No pictures should appear in the copy; otherwise retype the entries exactly.

# # #

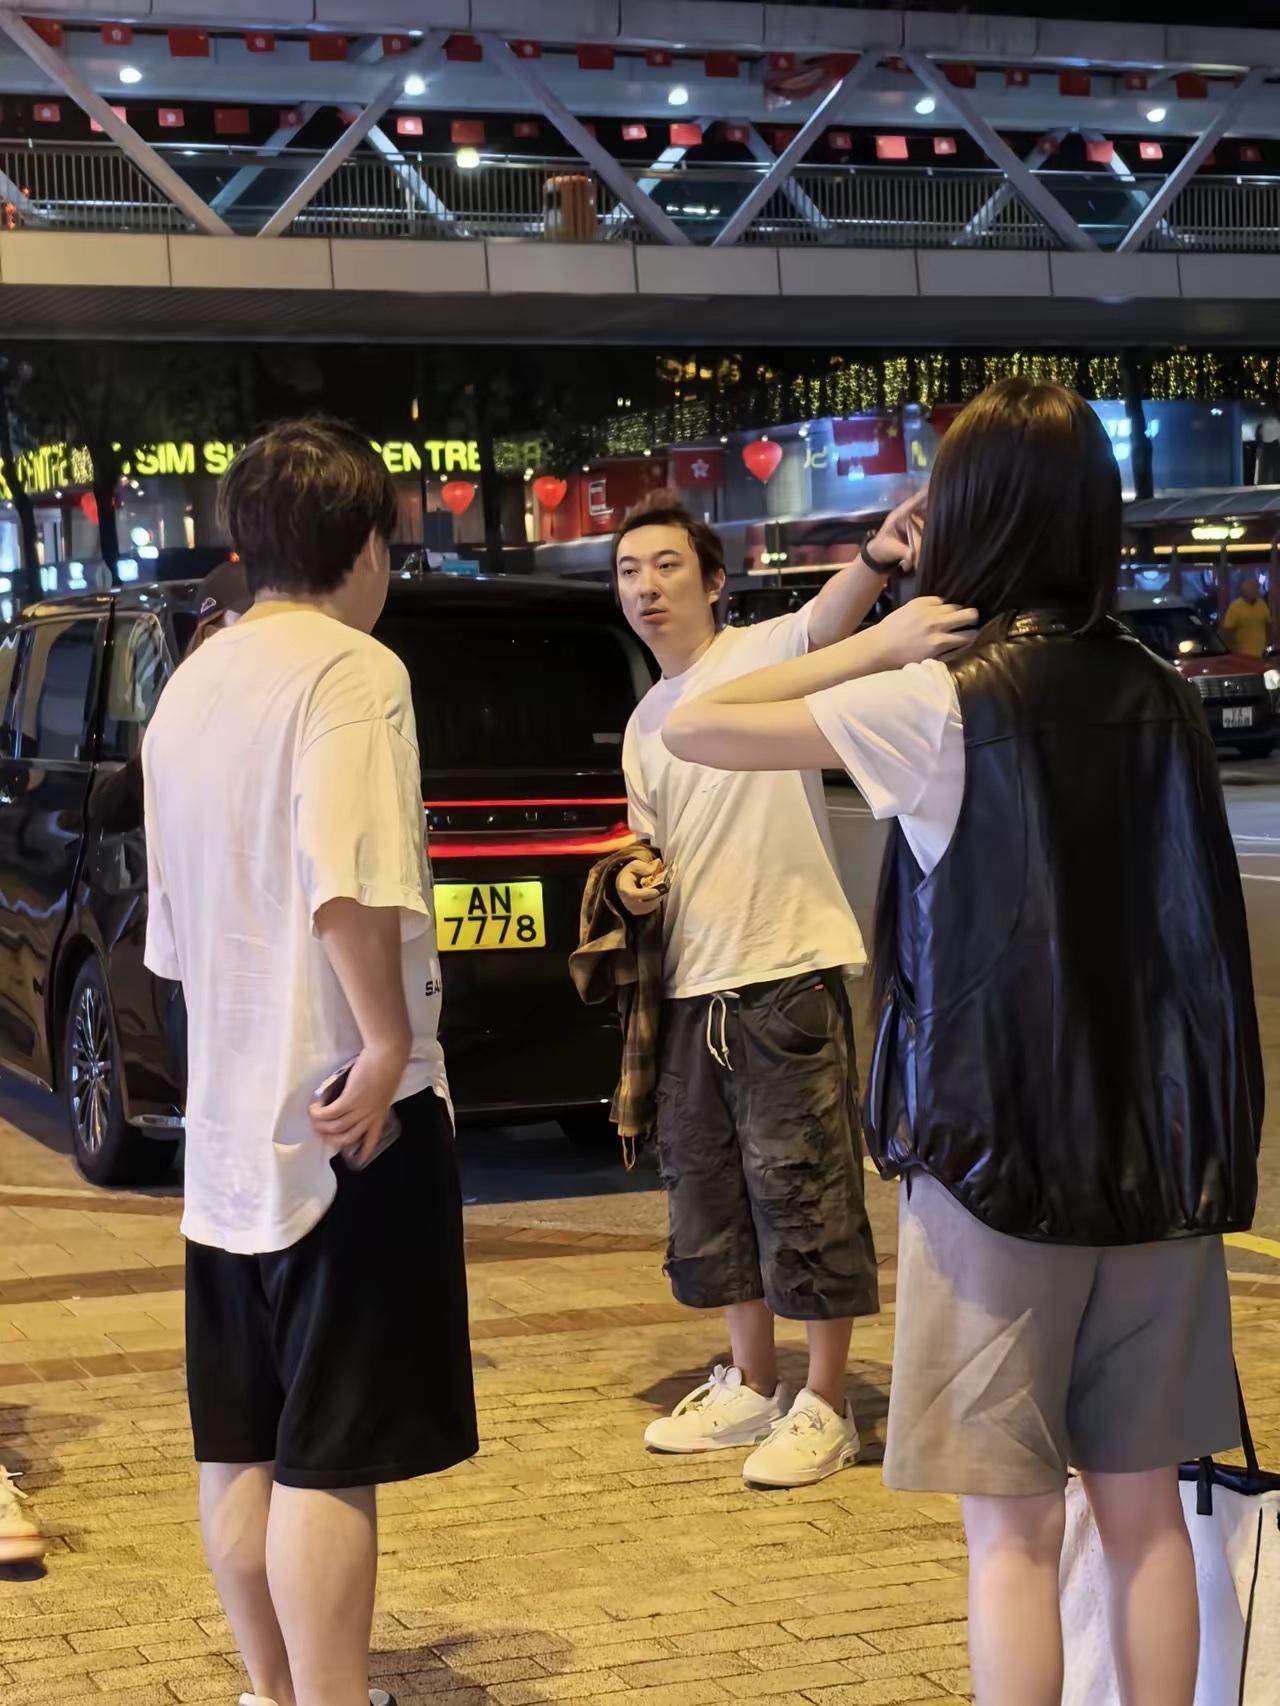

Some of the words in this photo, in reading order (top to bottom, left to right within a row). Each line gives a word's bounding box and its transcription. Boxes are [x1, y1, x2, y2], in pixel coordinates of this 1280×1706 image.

[111, 440, 196, 476] SIM
[369, 439, 482, 473] ENTRE
[467, 885, 512, 915] AN
[443, 914, 537, 946] 7778

# # #

▸ RESPONSE FOR THIS EXERCISE:
Some of the words in this photo, in reading order (top to bottom, left to right within a row). Each line gives a word's bounding box and its transcription. Boxes are [x1, y1, x2, y2], in pixel coordinates of this 1280×1706 image.

[111, 440, 196, 476] SIM
[369, 439, 482, 473] ENTRE
[467, 885, 512, 915] AN
[443, 914, 537, 946] 7778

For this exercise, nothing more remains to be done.